Gum Disease in Children
Gum Disease Awareness Month: Children's Gum Disease
The month of February is Gum Disease Awareness Month. You may be wondering, “Can toddlers have gum disease?” The truth is that, while more severe types of gum disease are uncommon in children, persistent gingivitis is frequent in children of all ages. The good news is that parents who take an active interest in their child’s dental health routine can easily avoid significant difficulties from happening. Below, our family dentist Grand Junction shares the primary warning indicators to look for to ensure your child isn’t in the early stages of gum disease.
What Does Gum Disease Look Like?
Dr. Eastham, the best dentist in Grand Junction CO, put together a list of the symptoms of periodontal disease:
- While brushing or flossing your teeth, you may experience bleeding.
- Puffiness or swelling of the gums, or any other sign that they are irritated or inflammatory
- Bad breath (halitosis) that persists after regular brushing and flossing
- Receding gum lines that expose the tooth’s root
Below, our family dentist in Grand Junction shares three forms of gum disease that children might get and tips on how to avoid these oral health issues.
Early Stages of Gum Disease: Chronic Gingivitis
Gingivitis is a minor kind of gum disease, did you know? If you see your child’s gums bleed when brushing or flossing their teeth, this indicates gingivitis in its early stages. Fortunately, this sort of gum disease is readily treatable! Brushing and flossing regularly and thoroughly are the most effective techniques to prevent gum disease. However, if neglected or untreated, chronic gingivitis can deteriorate. Our friends at College Hill, dentist Easton PA, shares that this ca then and progress to a far more dangerous type of periodontal disease, such as periodontitis.

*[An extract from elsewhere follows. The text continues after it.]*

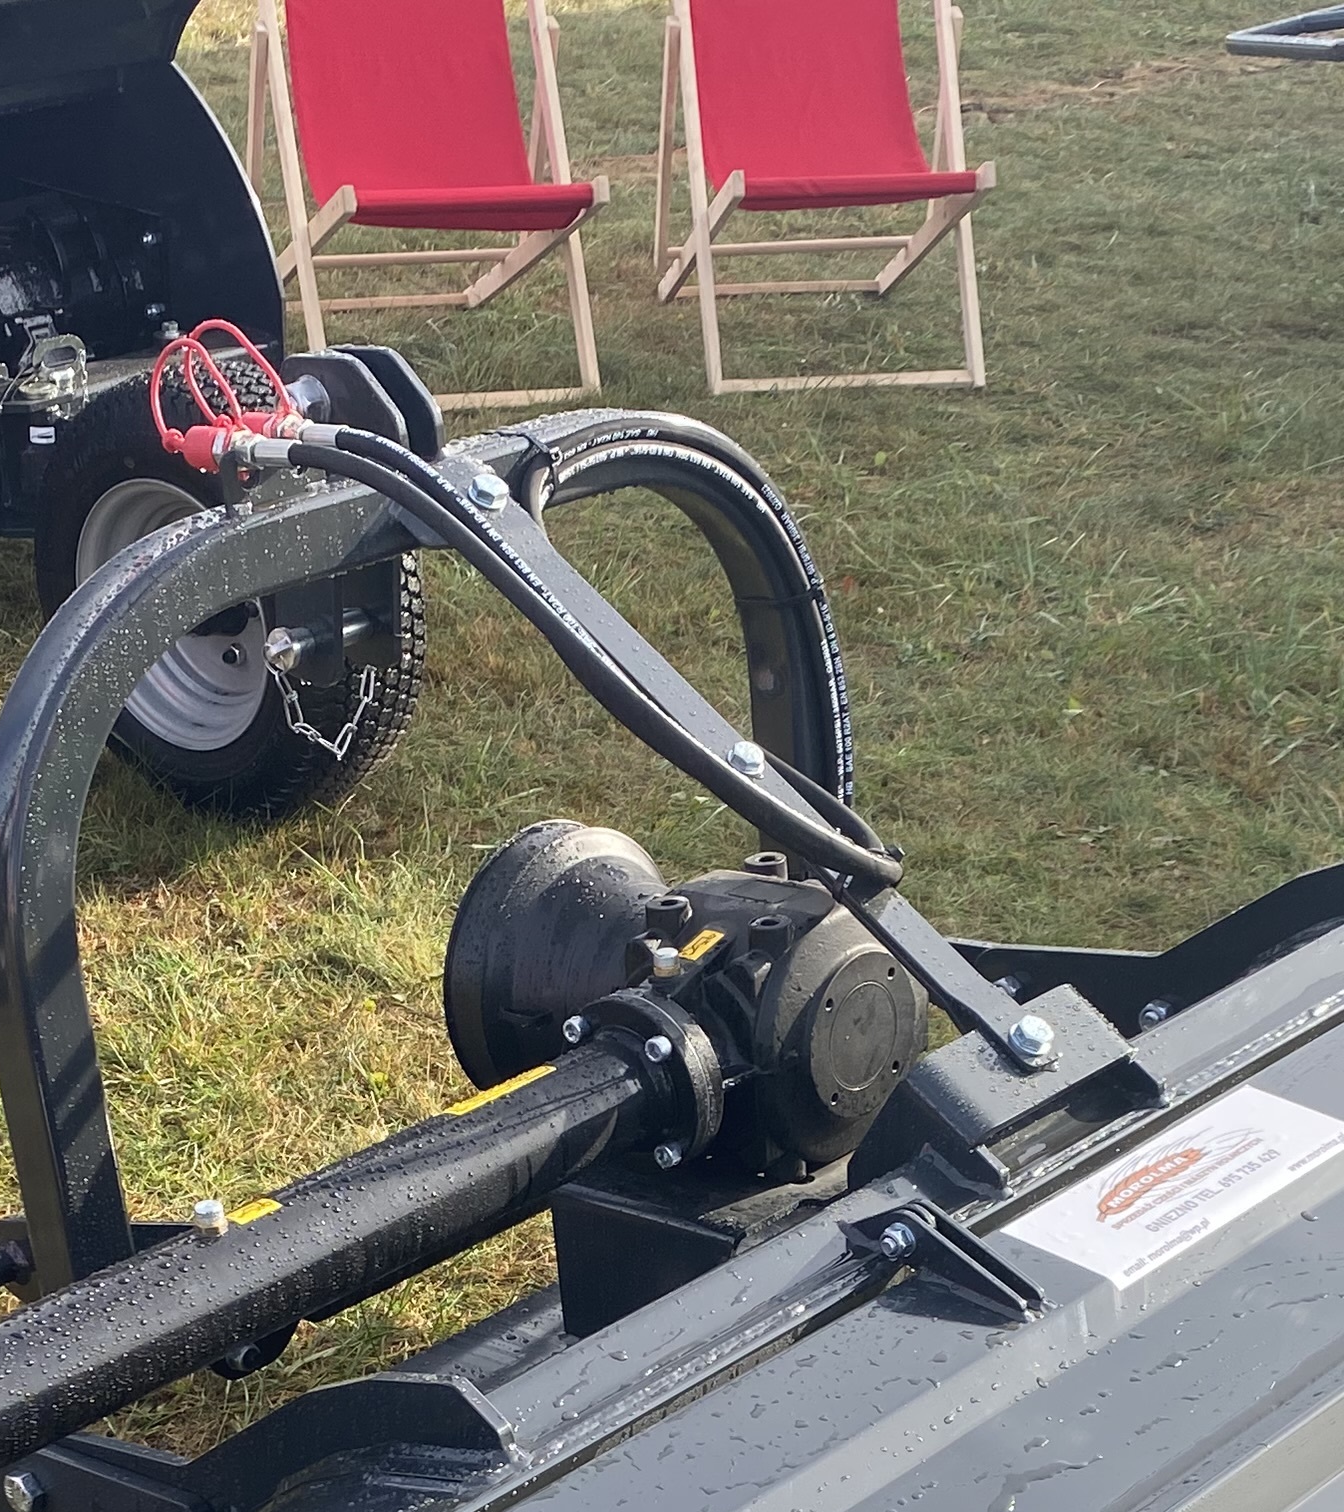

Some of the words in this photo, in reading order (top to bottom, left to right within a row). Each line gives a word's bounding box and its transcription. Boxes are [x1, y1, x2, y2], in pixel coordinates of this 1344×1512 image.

[1108, 1156, 1189, 1208] MOROLMA
[1145, 1200, 1199, 1233] GNIEZNO
[1122, 1256, 1149, 1278] email:

Adolescents are more prone than adults to develop aggressive periodontitis. However, in contrast to other gum diseases, children with severe periodontitis are unlikely to build dental plaque or tartar. Aggressive periodontitis is characterized by alveolar bone loss and affects the molars or incisors.
Periodontitis with Aggressive Behavior
Around the age of puberty, your child may develop generalized aggressive periodontitis, which can affect the entire mouth. If severe periodontitis has set, you should expect to witness gum inflammation, plaque buildup, and tartar. This is a far more dangerous form of gum disease that can lead to tooth loss early on.
Periodontal Disease Prevention
While it may be tempting for children to miss a night and go to bed without cleaning their teeth, an irregular oral health practice might lead to problems in the future. If brushing before sleep is difficult for your children, have them brush soon after dinner, as long as no snacks follow.
Your family dentist near me will be able to detect any indications of periodontal disease. This is especially true if you keep up with frequent dental examinations. Then, based on the severity of the symptoms, we can find a treatment strategy.
“Kids can avoid gingivitis by maintaining a consistent dental health regimen at home. Parents should watch their children’s brushing habits until they reach the age of eight to practice good behaviors regularly and brush and floss correctly.” – Dr. Joshua Eastham
Gum Disease Treatment
Gum disease will not go on its own. If your kid develops gingivitis early, it may be addressed with frequent dental exams and a strict oral hygiene program at home. If their gum disease has already progressed to a more critical level, they may require more regular dental exams, such as thorough cleanings every three months.
We hope this post has increased your understanding of how gum disease affects children and how you, as parents, may help avoid it.